▶ **Problem description**: Could you output every record below exactly, leaving out the pictures?

▶ **Source material**:

════

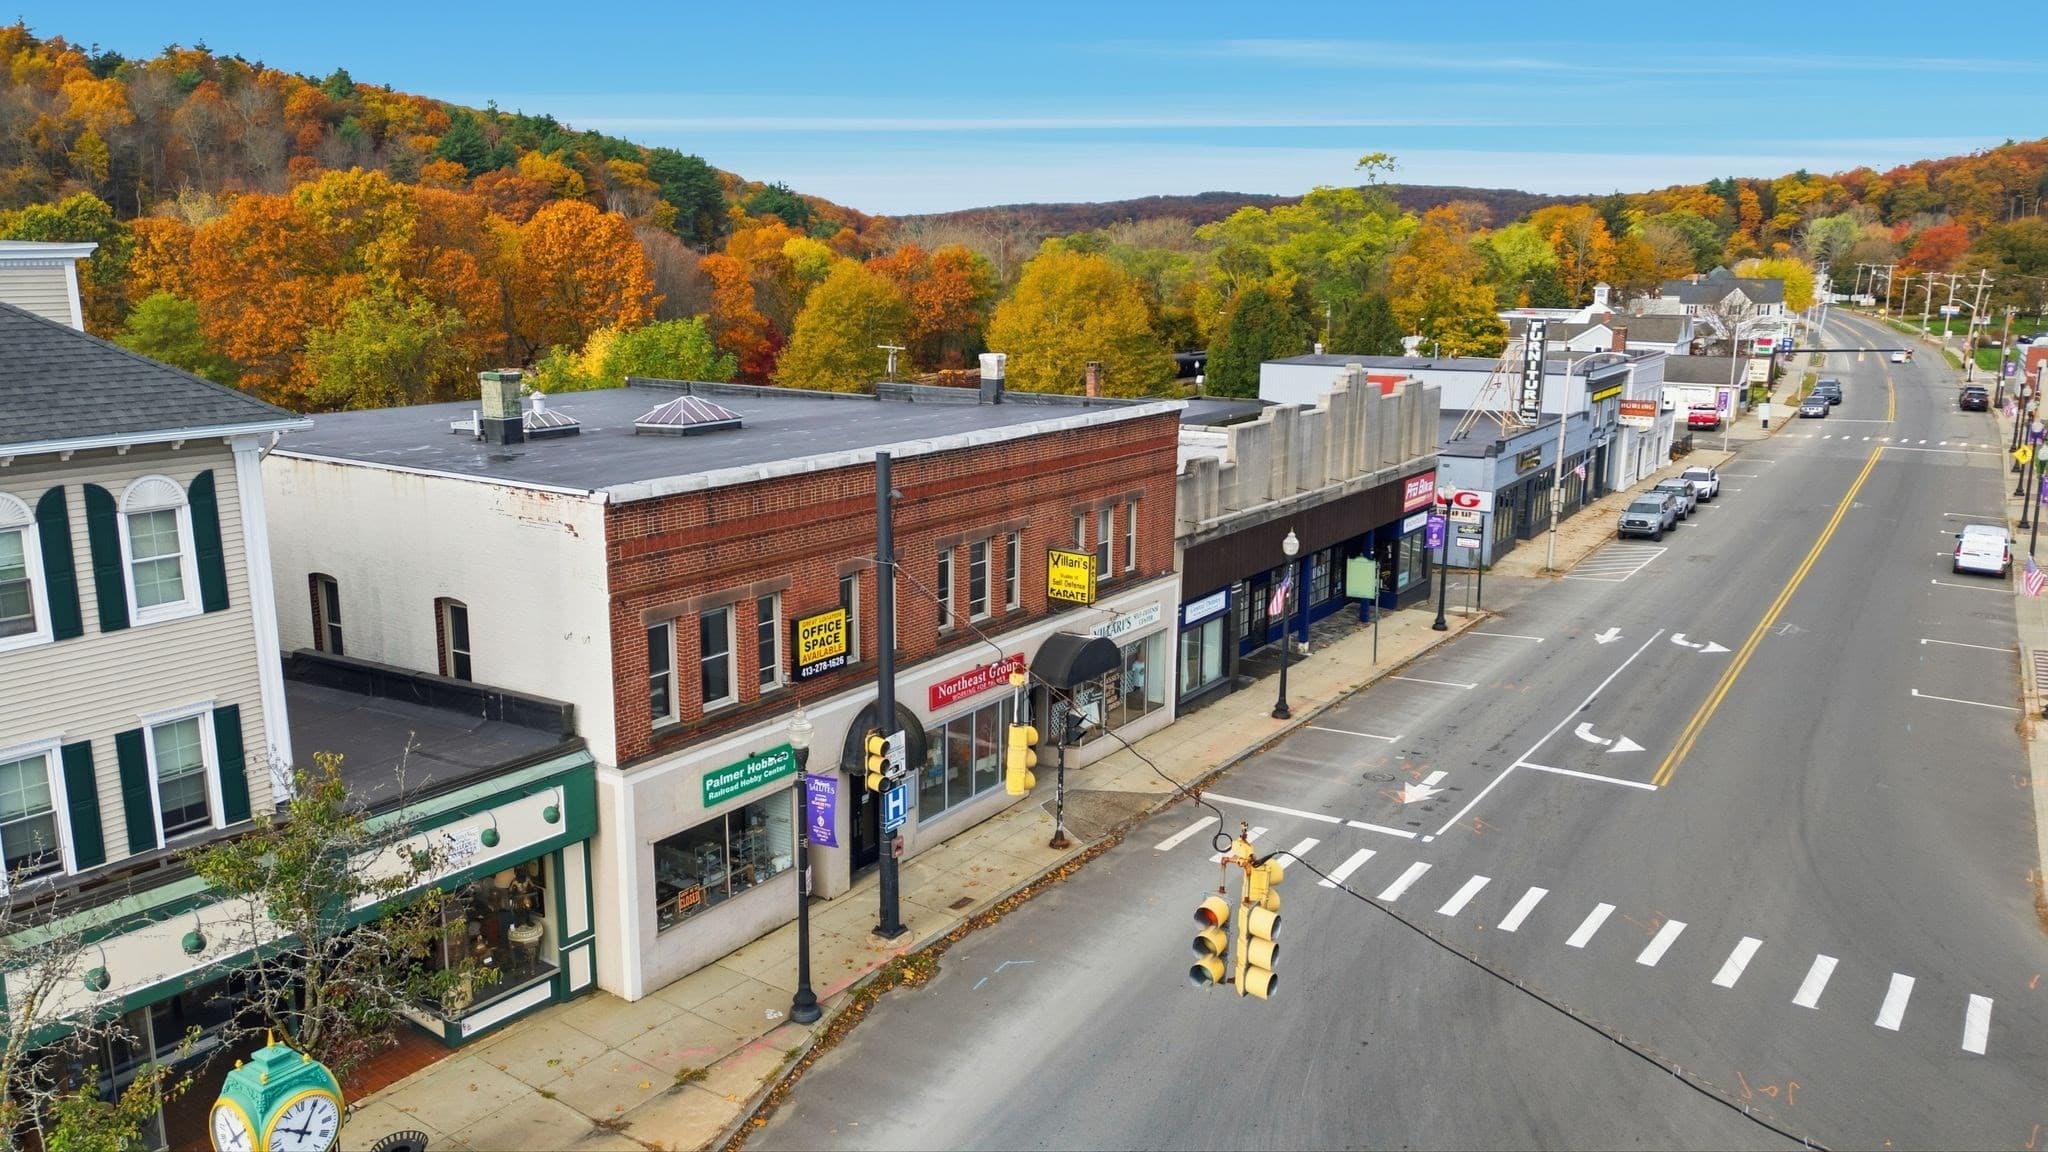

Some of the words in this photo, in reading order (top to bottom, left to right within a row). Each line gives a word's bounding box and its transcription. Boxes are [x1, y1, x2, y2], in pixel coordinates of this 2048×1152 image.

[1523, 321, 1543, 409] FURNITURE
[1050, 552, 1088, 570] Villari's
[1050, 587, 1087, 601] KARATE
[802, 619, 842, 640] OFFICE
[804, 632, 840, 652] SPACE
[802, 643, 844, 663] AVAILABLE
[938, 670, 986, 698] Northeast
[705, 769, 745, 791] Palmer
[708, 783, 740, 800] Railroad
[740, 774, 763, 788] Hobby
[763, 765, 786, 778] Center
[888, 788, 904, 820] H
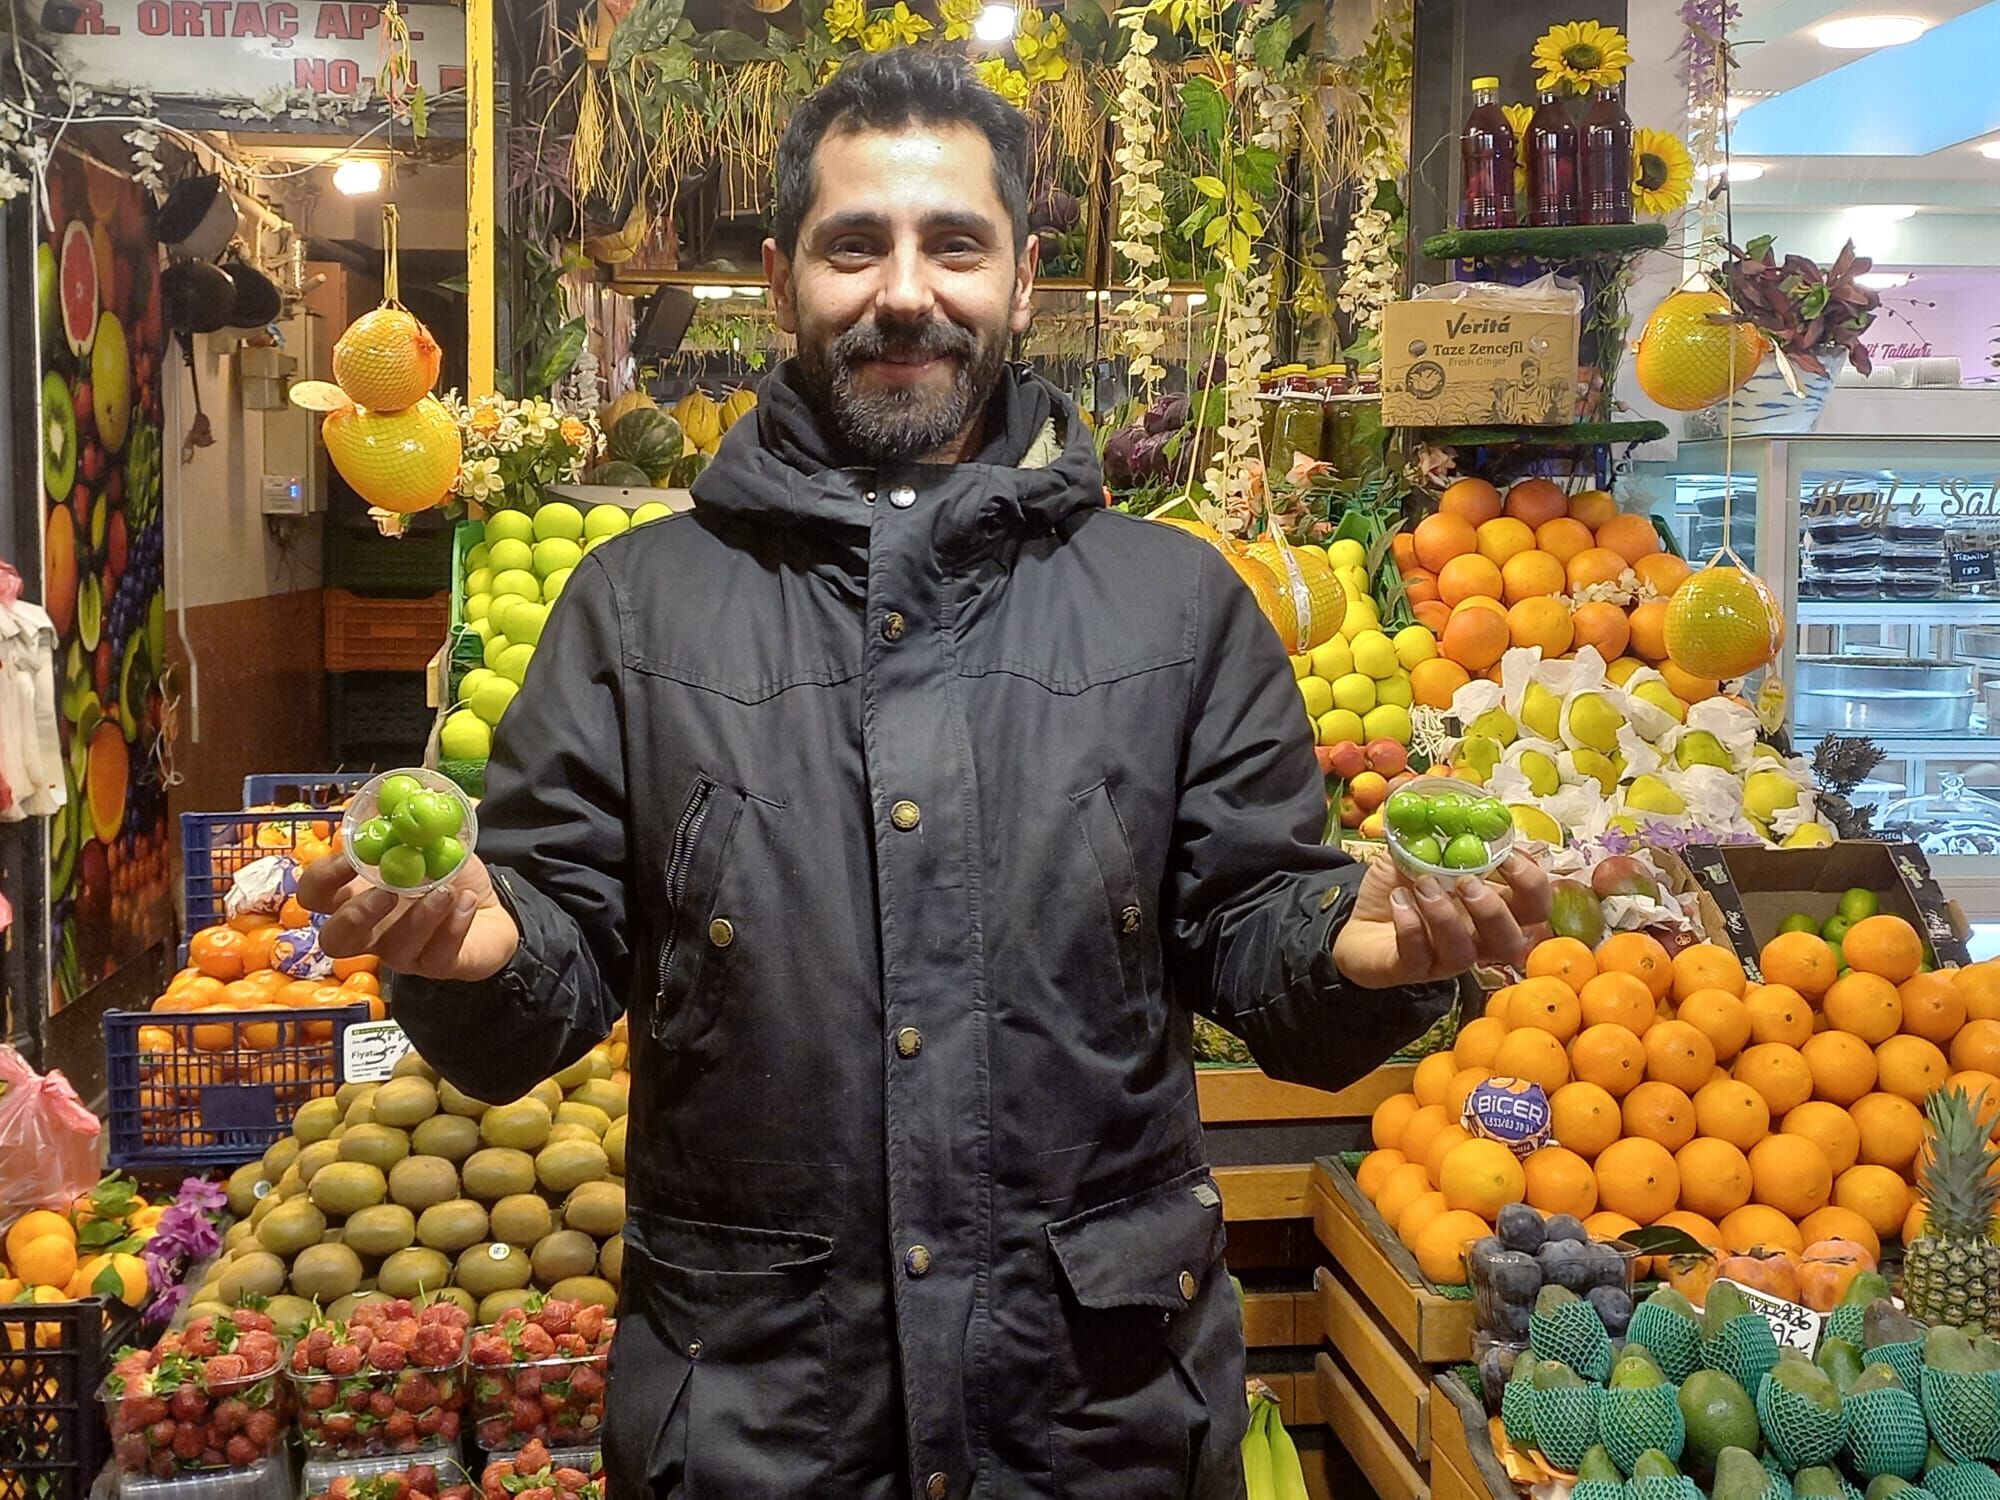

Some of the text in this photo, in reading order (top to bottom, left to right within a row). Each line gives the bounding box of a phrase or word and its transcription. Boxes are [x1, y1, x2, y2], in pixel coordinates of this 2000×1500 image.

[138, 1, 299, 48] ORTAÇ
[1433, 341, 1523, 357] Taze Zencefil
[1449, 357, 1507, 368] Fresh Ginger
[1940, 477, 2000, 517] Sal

════

▶ **Answer to this task**:
Some of the words in this photo, in reading order (top to bottom, left to right within a row). Each line gives a word's bounding box and its transcription. Boxes are [x1, y1, x2, y2], in pixel coordinates of this 2048×1152 image.

[1523, 321, 1543, 409] FURNITURE
[1050, 552, 1088, 570] Villari's
[1050, 587, 1087, 601] KARATE
[802, 619, 842, 640] OFFICE
[804, 632, 840, 652] SPACE
[802, 643, 844, 663] AVAILABLE
[938, 670, 986, 698] Northeast
[705, 769, 745, 791] Palmer
[708, 783, 740, 800] Railroad
[740, 774, 763, 788] Hobby
[763, 765, 786, 778] Center
[888, 788, 904, 820] H

Some of the text in this photo, in reading order (top to bottom, left to right within a row). Each line gives the bounding box of a phrase or word and its transcription. Boxes are [x1, y1, x2, y2], in pixel coordinates of this 2000×1500 image.

[138, 1, 299, 48] ORTAÇ
[1433, 341, 1523, 357] Taze Zencefil
[1449, 357, 1507, 368] Fresh Ginger
[1940, 477, 2000, 517] Sal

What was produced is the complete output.